Maria Isa, 70, died at a prison in Vandalia “of apparent natural causes,” the Missouri Department of Corrections said in a written statement. Isa had been in prison since 1991.
She was convicted along with her husband, Zein Isa, in the fatal stabbing of their 16-year-old daughter Palestina Isa in St. Louis. The killing was caught on a surveillance tape by the FBI, which had placed a microphone in the family’s apartment because it suspected Zein Isa of being involved with the Palestinian Liberation Organization.
The recording captured the girl’s screams for mercy and her father saying in Arabic, “Die, my daughter, die!” The FBI wasn’t monitoring the taping at the time of the killing.
Zein and Maria Isa initially were convicted of first-degree murder and sentenced to death in 1991. While awaiting execution, Zein Isa died in prison in February 1997 after a long illness.
Maria Isa’s sentence was overturned on appeal because of questionable jury instructions and, after a new hearing, she was re-sentenced to life without parole in June 1997.
Isa was accused of holding down her daughter while her husband repeatedly stabbed her after Palestina Isa came home from her first day of work at a fast-food restaurant.
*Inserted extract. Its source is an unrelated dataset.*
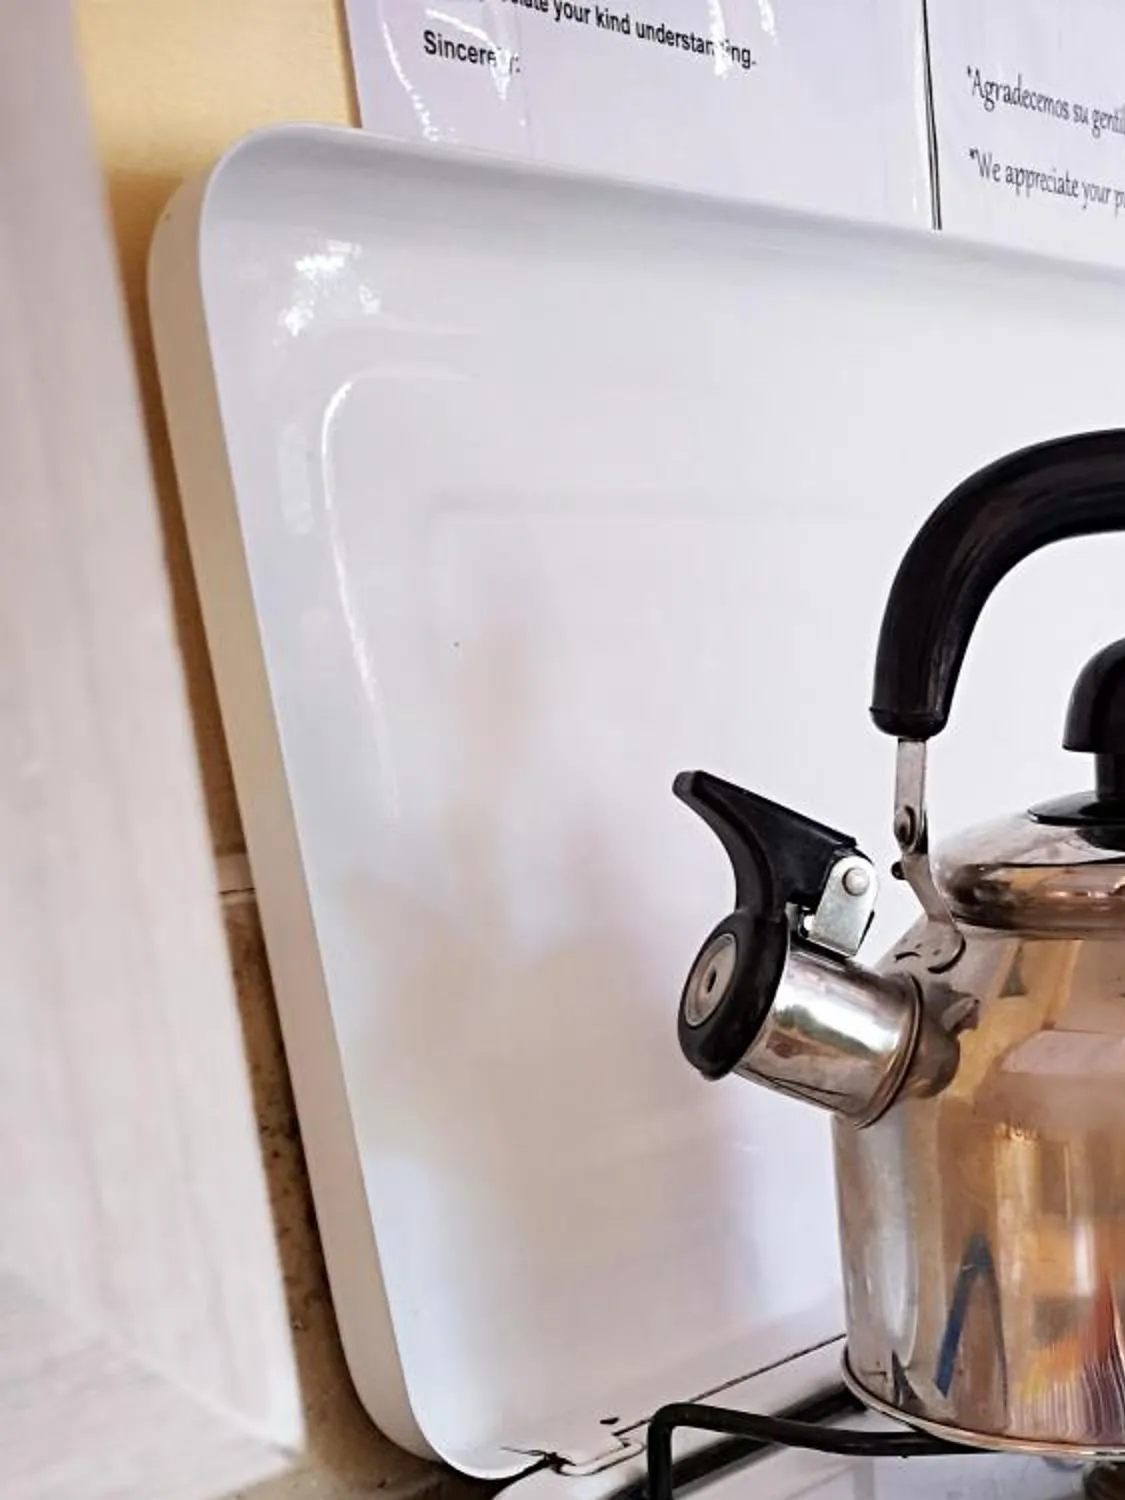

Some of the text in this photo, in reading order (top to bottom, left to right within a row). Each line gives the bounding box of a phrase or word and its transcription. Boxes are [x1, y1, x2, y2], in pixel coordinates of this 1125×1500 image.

Maria Isa’s attorney had asserted in 1997 that she had been trying to protect the girl.
Witnesses at the couple’s trial testified that the daughter was a popular and accomplished student who frequently clashed with her fundamentalist Muslim parents and older sisters over her boyfriend, job and time spent away from home.
The slaying of Palestina Isa was the focus of a 1995 book by St. Louis author Ellen Harris that was entitled, “Guarding the Secrets: Palestinian Terrorism and a Father’s Murder of His Too-American Daughter.”
The nonfiction book described the slaying as an Islamic “honor killing” in which a man kills a female relative for disobeying or disgracing the family. It included comments from other members of the Isa family, including the girl’s older sisters, who said Palestina had wanted to be like American teenagers against her family’s wishes.